Wednesday, July 25, 2012

Too much medical care?

An article came to me via Twitter, entitled "Too Much Medical Care?", in which the author used her daughter's experience with the medical system after spraining her ankle at dance camp to illustrate why medicine in America has become so hugely expensive.

The child's doctor, after looking at the sprained ankle, initially suggested a "wait and see" approach. A month later the ankle still hurt. The full armament of the medical establishment was then deployed on it: multiple MRIs, x-rays, as well as extensive bloodwork, most of it inconclusive or "ambiguous", requiring more MRIs and bloodwork.

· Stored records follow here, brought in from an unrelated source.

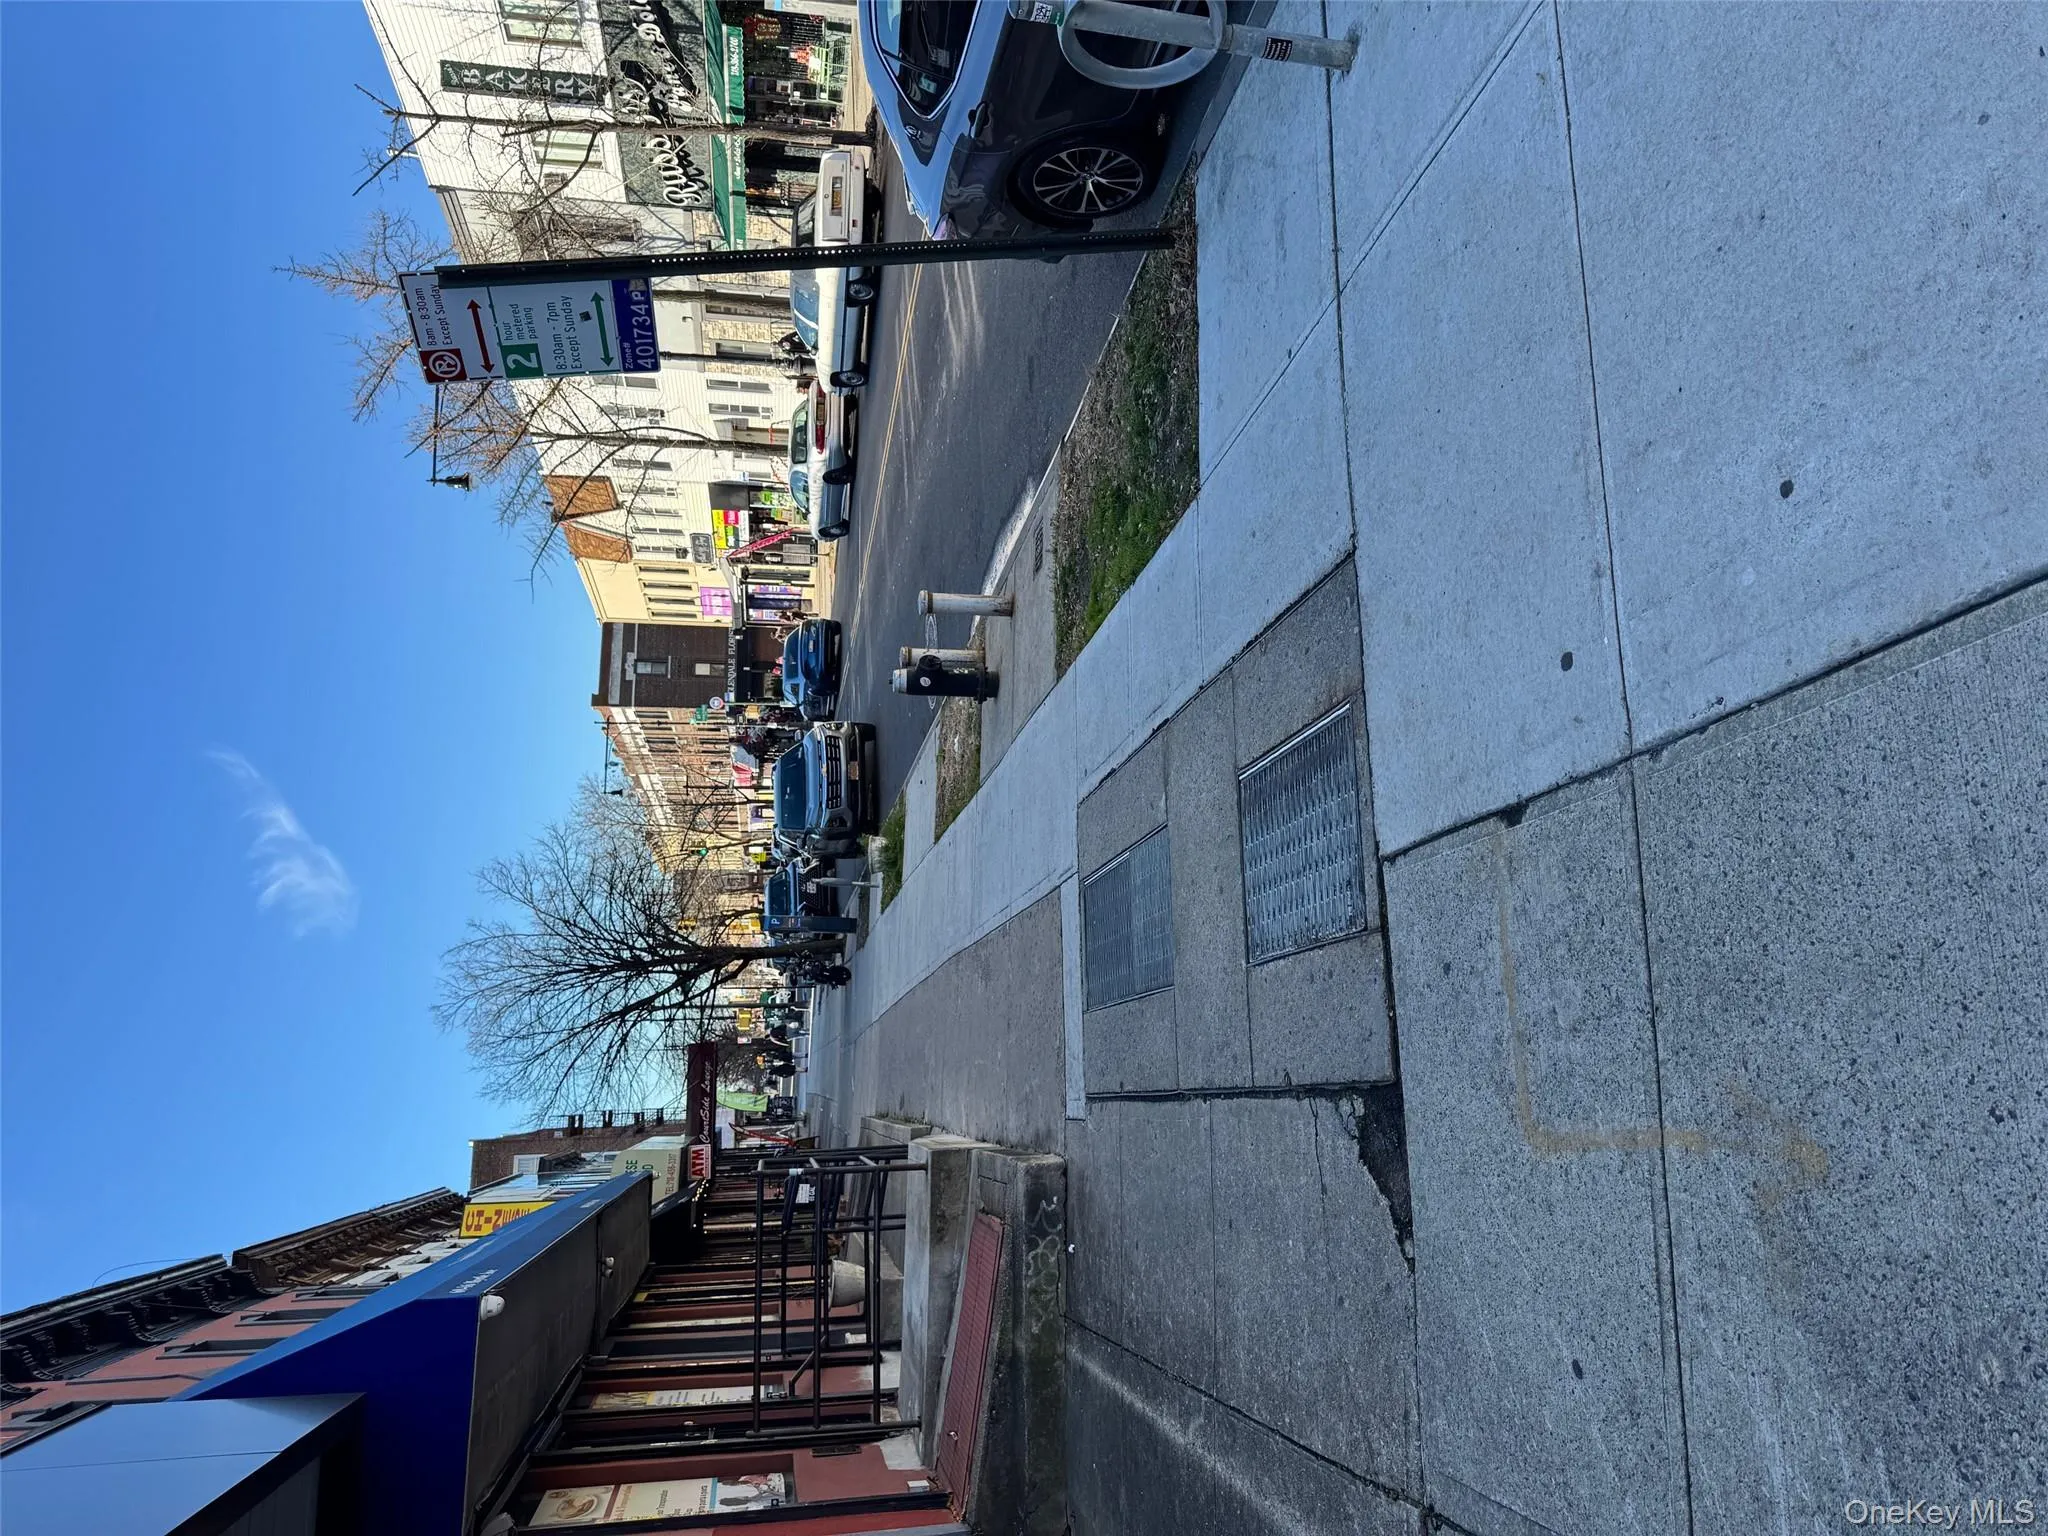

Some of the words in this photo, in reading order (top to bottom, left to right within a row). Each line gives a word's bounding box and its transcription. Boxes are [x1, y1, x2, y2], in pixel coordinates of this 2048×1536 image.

[463, 68, 597, 97] BAKERY
[430, 284, 446, 315] Sunday
[546, 302, 560, 324] 7pm
[560, 296, 576, 332] Sunday
[436, 318, 453, 346] Except
[502, 321, 514, 341] hour
[508, 303, 525, 340] metered
[524, 307, 538, 339] parking
[630, 304, 656, 369] 401734
[426, 328, 437, 346] 8am
[552, 334, 568, 370] 8:30am
[566, 335, 582, 369] Except
[506, 352, 538, 370] 2
[691, 1148, 704, 1177] ATM

On one occasion the child almost fainted after seven vials of blood were drawn from her. She was referred at various points to a pediatric orthopedic surgeon, a pediatric rheumatologist, and an eye specialist, all of whom ordered their own tests. The mother writes:
Five months after twisting an ankle, my otherwise healthy daughter limped out of the radiology office carrying X-rays of her hands. “Mom,’’ she said, “my ankle still hurts.”

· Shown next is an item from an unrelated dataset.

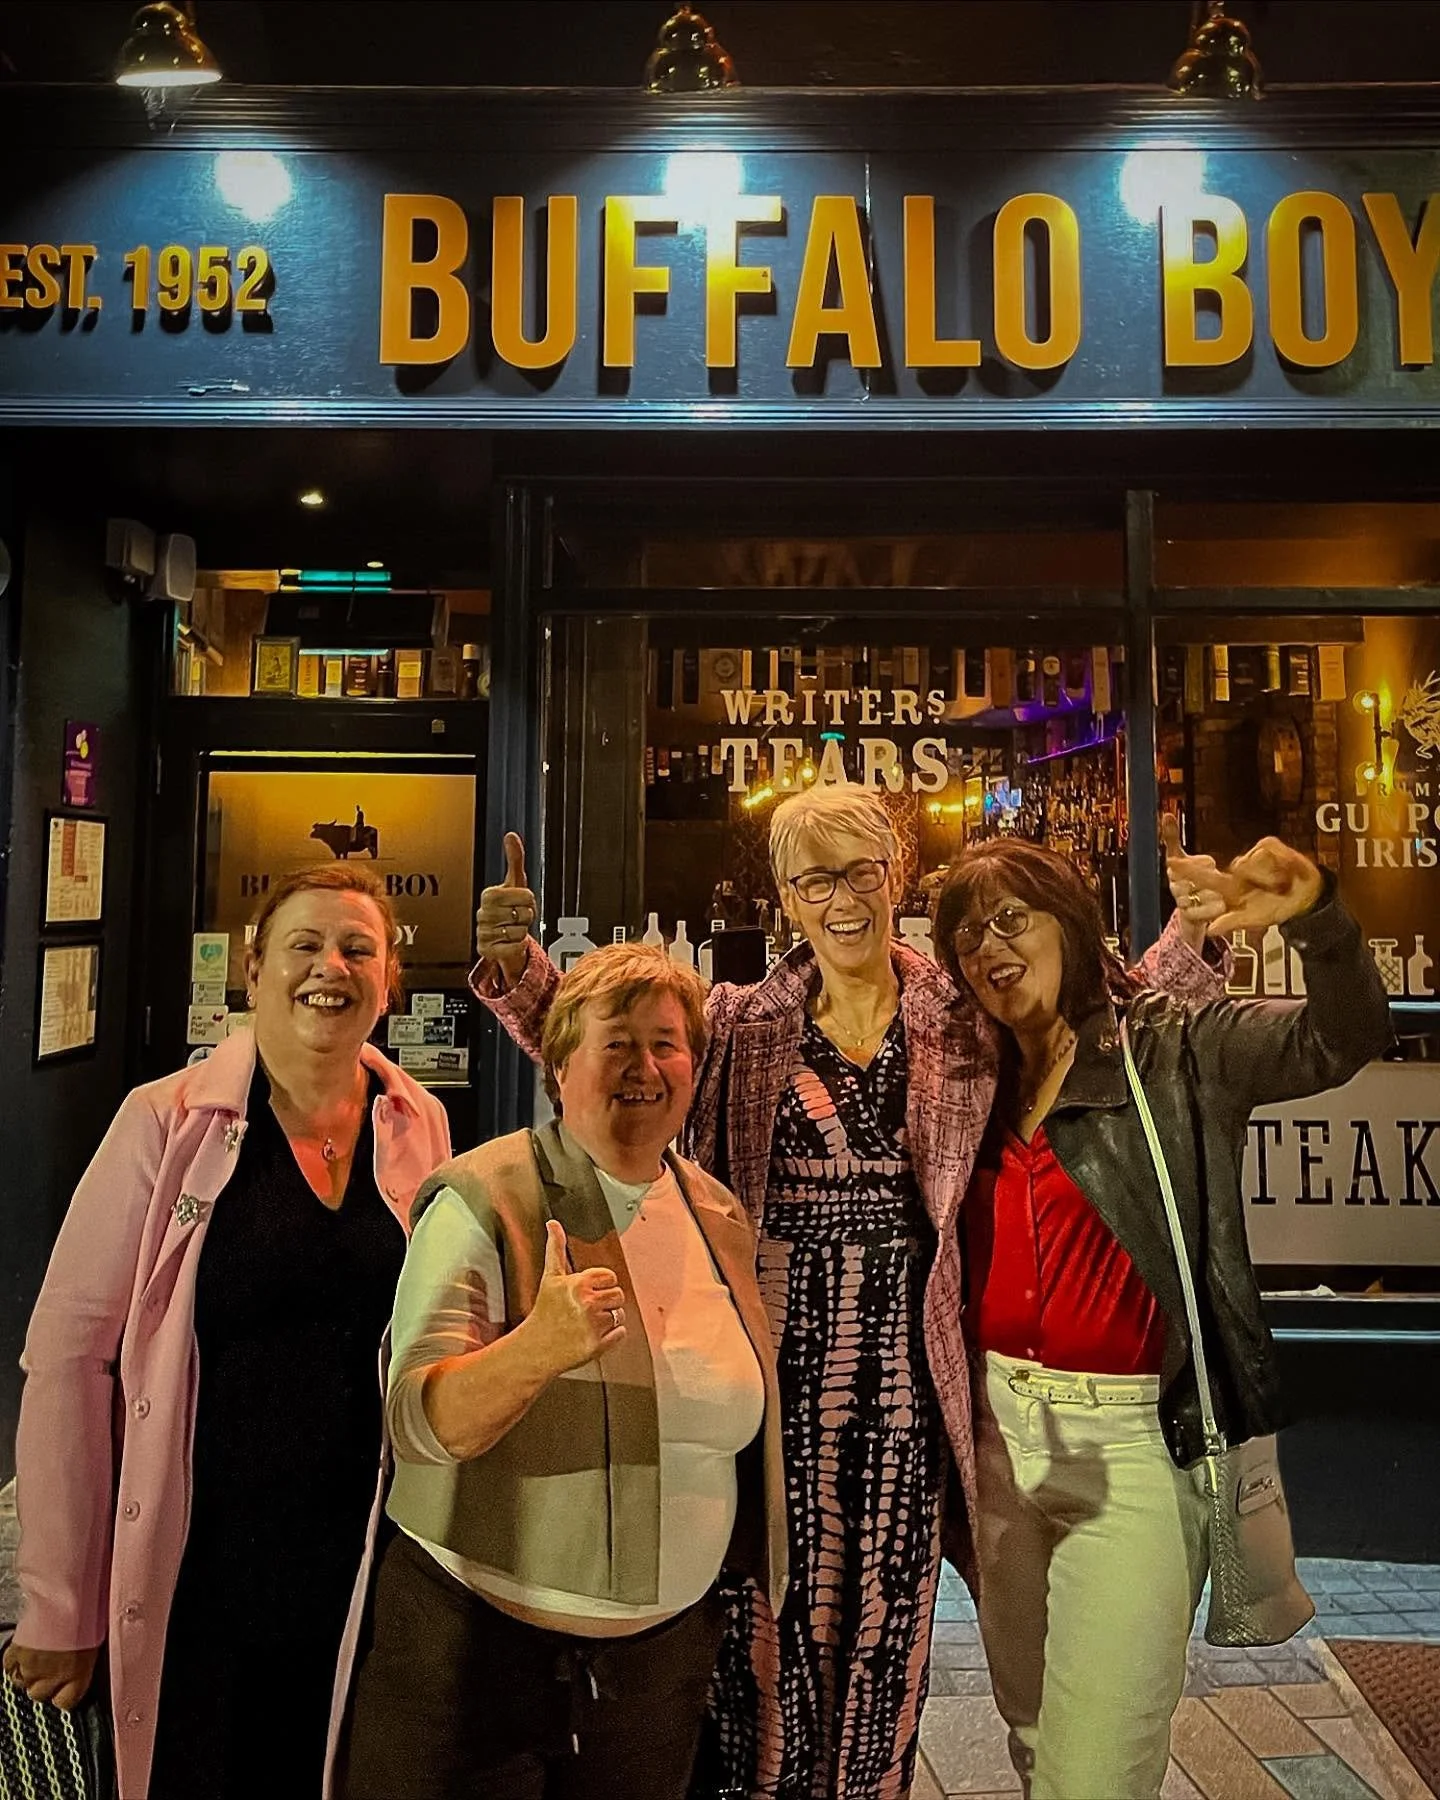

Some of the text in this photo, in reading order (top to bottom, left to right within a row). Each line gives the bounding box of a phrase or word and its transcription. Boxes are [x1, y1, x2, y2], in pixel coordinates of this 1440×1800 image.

That's five months of pain, five months of not being able to dance, five months of unnecessary medical rigmarole, and huge, huge, huge costs to the system. Contrast please the "bioenergetic rehabilitation" option: four appointments in the space of a week or ten days, at the cost of maybe $300, and she would have been fine. She might not have even needed the four appointments: for a sprained ankle, one might have been enough. She would have been back at dance camp a lot sooner, and the system would have been saved from spending tens of thousand of dollars on unnecessary medical tests on a healthy young girl.